Task goal
The records below must be reproduced exactly, excluding any pictures.

═════ Source records

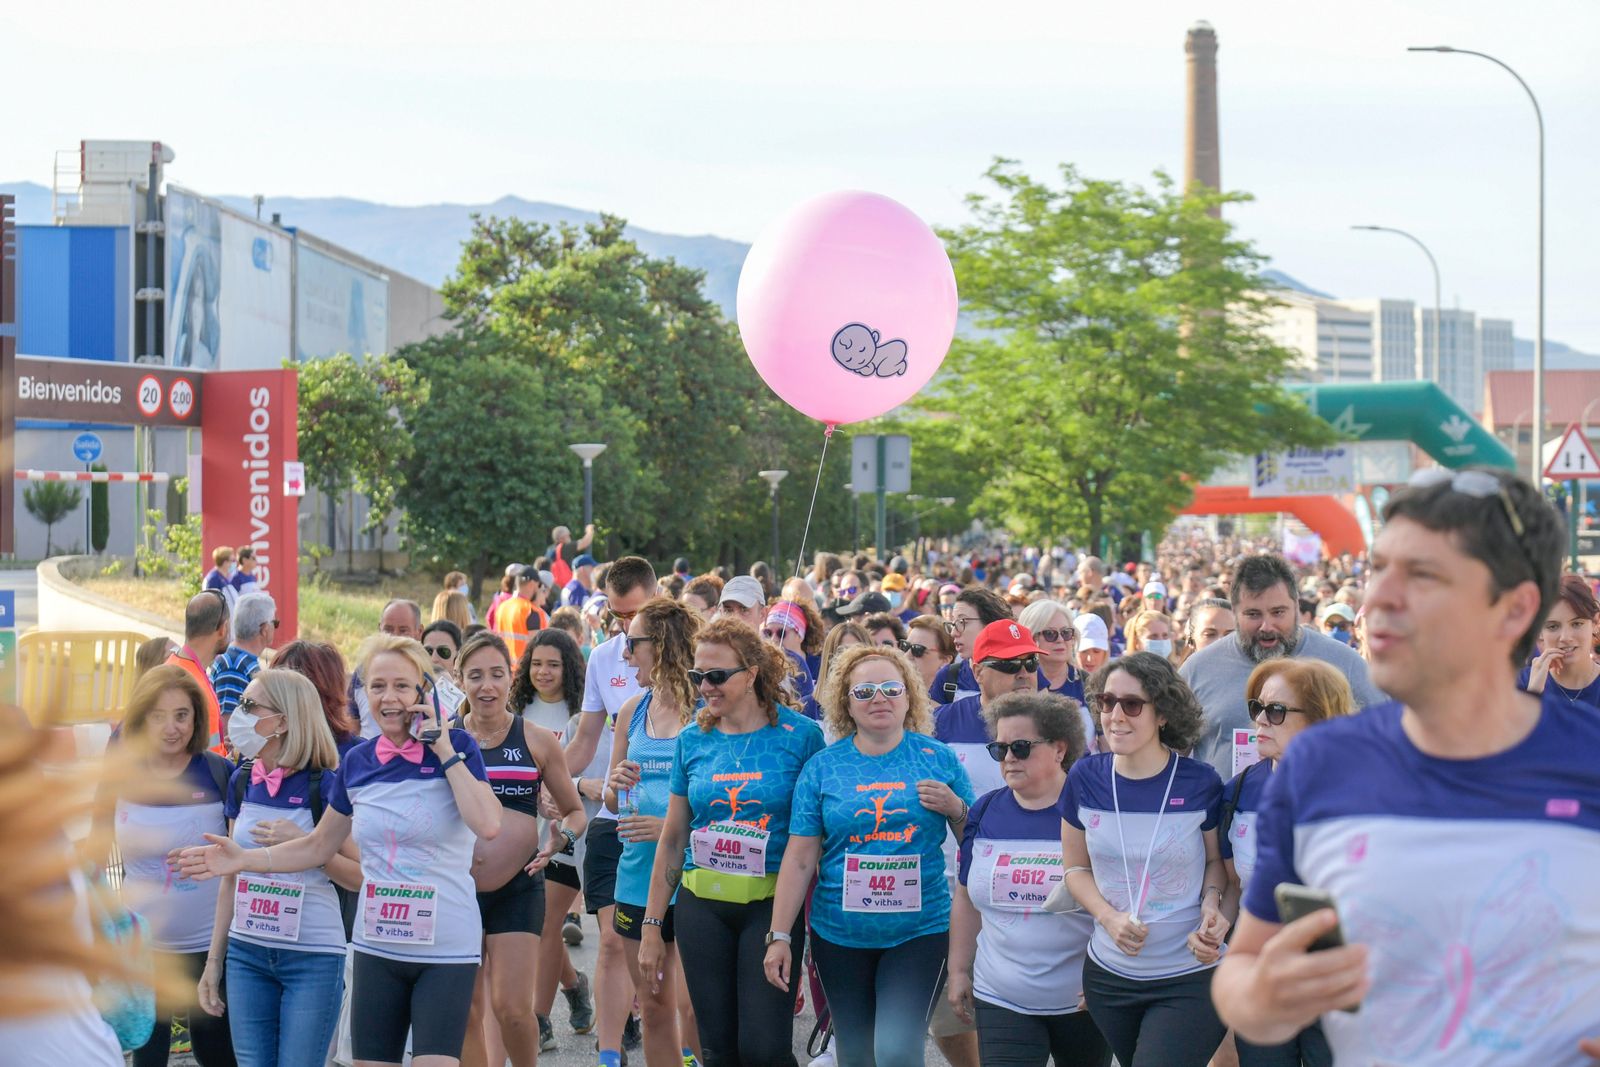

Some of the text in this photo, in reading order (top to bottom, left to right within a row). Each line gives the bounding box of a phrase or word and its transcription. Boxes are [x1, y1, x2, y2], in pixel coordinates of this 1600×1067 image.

[18, 376, 122, 404] Bienvenidos
[142, 387, 158, 404] 20
[242, 387, 270, 598] envenidos
[642, 760, 672, 771] olimp
[712, 772, 763, 782] RUNNING
[856, 781, 906, 792] RUNNING
[708, 825, 767, 840] COVIRAN
[849, 831, 903, 845] AL BORDE
[715, 838, 742, 855] 440
[720, 860, 748, 870] vithas
[859, 860, 918, 870] COVIRAN
[868, 875, 896, 891] 442
[1011, 868, 1046, 885] 6512
[248, 883, 302, 898] COVIRAN
[375, 887, 435, 900] COVIRAN
[1020, 892, 1048, 902] vithas
[250, 898, 280, 916] 4784
[874, 898, 903, 906] vithas
[380, 903, 410, 920] 4777
[255, 921, 280, 932] vithas
[385, 927, 414, 937] vithas
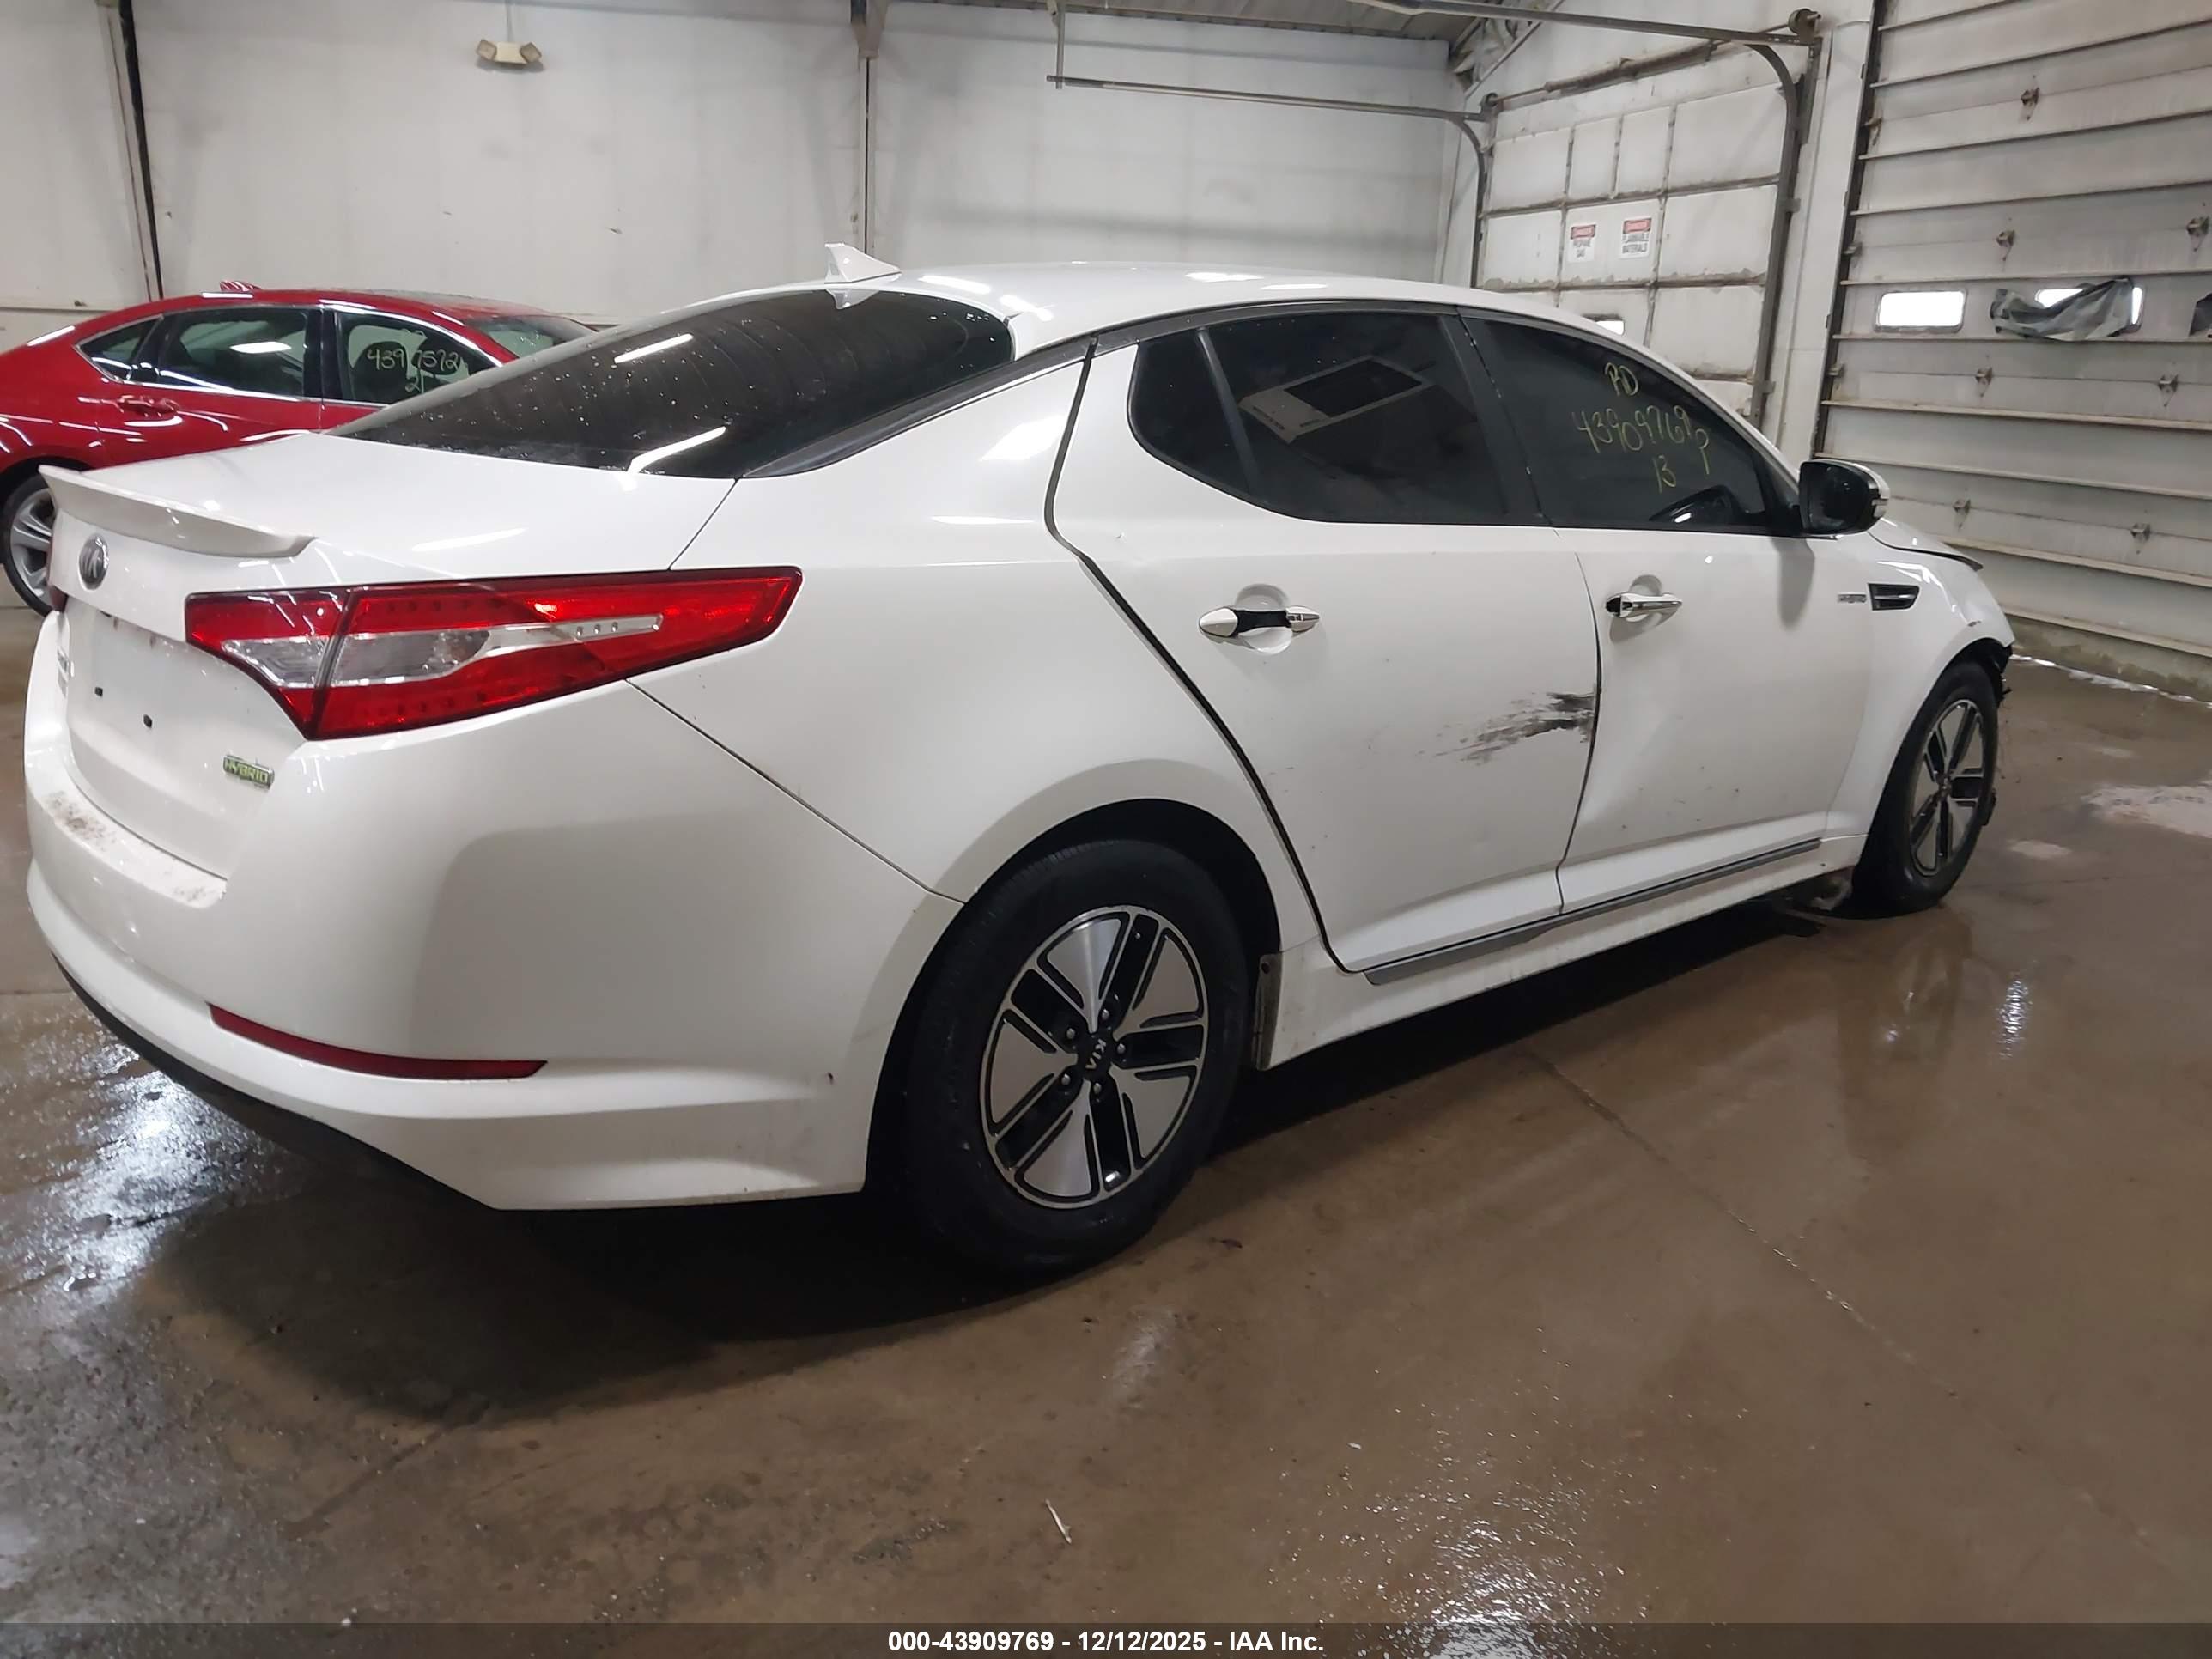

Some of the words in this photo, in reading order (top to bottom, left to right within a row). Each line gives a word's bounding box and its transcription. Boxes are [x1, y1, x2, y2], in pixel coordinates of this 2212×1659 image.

[1571, 404, 1692, 454] 43909769
[224, 758, 269, 784] HYBRID
[1085, 1038, 1107, 1070] KIA

══════════

Answer box
Some of the text in this photo, in reading order (top to bottom, left to right within a row). Each line gives the bounding box of a phrase or word and its transcription. Boxes are [x1, y1, x2, y2], in pixel coordinates of this 1600×1067 image.

[18, 376, 122, 404] Bienvenidos
[142, 387, 158, 404] 20
[242, 387, 270, 598] envenidos
[642, 760, 672, 771] olimp
[712, 772, 763, 782] RUNNING
[856, 781, 906, 792] RUNNING
[708, 825, 767, 840] COVIRAN
[849, 831, 903, 845] AL BORDE
[715, 838, 742, 855] 440
[720, 860, 748, 870] vithas
[859, 860, 918, 870] COVIRAN
[868, 875, 896, 891] 442
[1011, 868, 1046, 885] 6512
[248, 883, 302, 898] COVIRAN
[375, 887, 435, 900] COVIRAN
[1020, 892, 1048, 902] vithas
[250, 898, 280, 916] 4784
[874, 898, 903, 906] vithas
[380, 903, 410, 920] 4777
[255, 921, 280, 932] vithas
[385, 927, 414, 937] vithas

Some of the words in this photo, in reading order (top to bottom, left to right within a row). Each line gives a word's bounding box and its transcription. Boxes are [x1, y1, x2, y2], in pixel coordinates of this 2212×1659 image.

[1571, 404, 1692, 454] 43909769
[224, 758, 269, 784] HYBRID
[1085, 1038, 1107, 1070] KIA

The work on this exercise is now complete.